结论：自噬是柑橘果实正常着色的必要条件，其缺陷会导致着色显著延迟。

2.3 乙烯通过激活自噬促进着色

实验方案：

• 乙烯处理：对’Newhall’果实（150 DPA）外源施加乙烯，监测颜色和自噬变化。

  

• 检测指标：

• 颜色参数：Minolta色度（a*/b*值）、叶绿素含量。

• 自噬活性：ATG8-PE水平、MDC斑点、ATG基因表达。

结果：

• 颜色变化：乙烯处理4天后果实明显脱绿（图3a），叶绿素含量降低（图3c）。

• 自噬激活：ATG8-PE在1-2天内快速增加（图3d,e），MDC斑点增多（图3f,g）。

• 基因表达：CsATG3、CsATG7、CsATG8h等显著上调（图4）。

结论：乙烯通过快速诱导自噬活性及相关基因表达，加速果实脱绿和着色。

2.4 CsERF061直接调控自噬基因CsATG8h

实验设计：

• CsERF061功能验证：过表达CsERF061的柑橘愈伤组织：检测ATG8-PE及ATG基因表达。

• 瞬时转化柑橘果实：观察局部着色及基因表达。

• 分子机制：启动子结合：双荧光素酶报告、酵母单杂交（Y1H）、电泳迁移率变动分析（EMSA）。

结果：

• 过表达效应：CsERF061显著提高ATG8-PE水平，上调CsATG8h（图6c,d）。

• 启动子结合：双荧光素酶：CsERF061激活CsATG8h启动子活性3倍（图7b）。

• Y1H和EMSA：CsERF061直接结合CsATG8h启动子的DRE/CRT顺式元件（图7c,d）。

• 瞬时转化验证：过表达CsERF061：果皮局部着色加深，CsATG8h表达升高（图8a-d）。

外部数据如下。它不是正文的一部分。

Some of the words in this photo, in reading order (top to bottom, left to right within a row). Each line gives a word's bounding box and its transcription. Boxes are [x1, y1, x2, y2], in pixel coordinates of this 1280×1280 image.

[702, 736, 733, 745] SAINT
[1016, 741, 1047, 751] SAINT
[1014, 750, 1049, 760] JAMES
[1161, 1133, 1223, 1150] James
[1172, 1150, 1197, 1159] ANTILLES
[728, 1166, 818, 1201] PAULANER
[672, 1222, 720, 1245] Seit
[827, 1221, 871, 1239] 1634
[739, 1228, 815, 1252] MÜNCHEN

• RNAi抑制CsERF061：削弱乙烯诱导的着色和CsATG8h表达（图8e-h）。

结论：CsERF061是乙烯信号下游的关键转录因子，通过直接激活CsATG8h表达促进自噬和着色。

2.5 自噬在乙烯诱导着色中的保守性（番茄验证）

实验设计：

• 模型选择：利用番茄（Micro-Tom）SlATG7-RNAi自噬缺陷株系。

• 乙烯处理：对比野生型和突变体果实对乙烯的着色响应。

关键结果：

• 表型差异：乙烯处理后，野生型番茄快速转黄，而SlATG7-RNAi果实几乎无变化（图5a）。

• 颜色指数：野生型a*/b*值显著升高，突变体变化微弱（图5b,c）。

结论：自噬在乙烯诱导果实着色中的功能具有跨物种保守性，进一步支持其核心作用。

在本研究中，我们发现柑橘果实着色过程中果皮细胞的自噬活性显著增强。通过阻断自噬，果实着色被延迟至少两周，表明自噬是这一过程的关键。